Big Data and Social Mining


n october 9, I attended a live seminar about Big Data and Social Mining, organized by PMI-NIC (PMI Northern Italy Chapter) in Milan.

The organizer, professor Francesco Varanini, on his blog – – writes that

“… every project leaves digital traces … created and maintained by digital devices …”

and he continues ” … Big Data are just this: a big mass of data, initially served to a precise aim, but above all useful to the project’s government …”

and about the project team’s he states “… the real challenge is to understand how in the digital material organized by the project team are hidden unexpected knowledge …”

I found very interesting two speeches, the first held by two university researchers (University of Pisa) Simone Ferrucci and Emmanuele Chersoni and the second held by a very experienced TrentoRISE researcher Marco Guerini.

Cytoscape Network Visualization Example

Cytoscape Network Example

Simone Ferrucci and Emmanuele Chersoni showed an interesting application; they explained how simple was to build the network of relations among the followers of a particular subject on Twitter. For that aim they used Cytoscape – – an interesting Open source bioinformatics software platform for visualizing molecular interaction networks.

Though its original scope was different, you could use it for building a network based, for example, on the stakeholders of a project through the analysis of all the emails shared during the entire life of the initiative.

But what are we supposed to do with the result of this analysis? We could become aware of a distorsion in the communication lines and we could take corrective actions.

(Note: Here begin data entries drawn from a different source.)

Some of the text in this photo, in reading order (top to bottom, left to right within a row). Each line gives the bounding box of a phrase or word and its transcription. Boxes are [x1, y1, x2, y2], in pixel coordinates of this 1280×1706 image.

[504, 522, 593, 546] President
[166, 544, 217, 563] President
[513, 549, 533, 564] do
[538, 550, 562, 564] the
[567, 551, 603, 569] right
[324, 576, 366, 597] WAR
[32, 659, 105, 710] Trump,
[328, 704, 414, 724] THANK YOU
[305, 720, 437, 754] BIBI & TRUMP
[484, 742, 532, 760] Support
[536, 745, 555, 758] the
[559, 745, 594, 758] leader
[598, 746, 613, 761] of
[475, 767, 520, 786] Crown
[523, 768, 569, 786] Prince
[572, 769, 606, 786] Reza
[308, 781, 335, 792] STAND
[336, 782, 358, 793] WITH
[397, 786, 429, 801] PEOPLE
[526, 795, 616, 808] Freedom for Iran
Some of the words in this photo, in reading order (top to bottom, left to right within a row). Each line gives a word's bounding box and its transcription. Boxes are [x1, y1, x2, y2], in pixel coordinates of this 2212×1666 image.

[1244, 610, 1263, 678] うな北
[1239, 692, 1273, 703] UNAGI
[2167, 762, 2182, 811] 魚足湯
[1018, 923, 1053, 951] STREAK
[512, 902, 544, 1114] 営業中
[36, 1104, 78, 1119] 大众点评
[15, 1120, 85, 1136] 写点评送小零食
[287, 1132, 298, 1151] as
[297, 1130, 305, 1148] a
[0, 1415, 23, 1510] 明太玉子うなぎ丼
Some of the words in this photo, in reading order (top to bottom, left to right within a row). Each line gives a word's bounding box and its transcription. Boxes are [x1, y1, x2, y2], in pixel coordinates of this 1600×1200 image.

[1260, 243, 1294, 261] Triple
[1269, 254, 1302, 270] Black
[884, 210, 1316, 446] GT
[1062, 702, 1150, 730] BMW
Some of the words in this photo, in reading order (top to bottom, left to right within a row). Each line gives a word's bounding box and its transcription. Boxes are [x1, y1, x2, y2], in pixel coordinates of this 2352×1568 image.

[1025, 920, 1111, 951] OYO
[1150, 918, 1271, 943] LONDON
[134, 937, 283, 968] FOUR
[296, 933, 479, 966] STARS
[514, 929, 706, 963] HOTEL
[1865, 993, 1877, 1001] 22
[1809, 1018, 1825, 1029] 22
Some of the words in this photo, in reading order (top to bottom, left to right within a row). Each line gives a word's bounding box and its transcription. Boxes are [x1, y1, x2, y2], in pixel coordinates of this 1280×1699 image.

Another very interesting speech was held by Marco Guerini (TrentoRISE); he analyzed many US political speeches with reference to the behavior and intentions of the speaker.

Social Mining

Social Data Mining

He mentioned the negative and positive buzzes caused by the speaker’s behavior (or intentions); analyzing the comments to their speeches as well as the reactions, he could find some very interesting differences, for example, between male and female politicians (for example female are less aggressive and use less negative terms than male politicians to attract consensus).

Comparing this research to project management activities, the PM could analyze the content of his/her emails collected during the whole life of the project discovering unexpected relations and behavior that could bring the PM to verify and correct what seemed to be the cause of a distorsion in communications among the stakeholders.

I’m leaving this post with a “dictum”: Data don’t say anything till you ask them the right question.

So, don’t try to find the right tool, but try to analyze the data instead.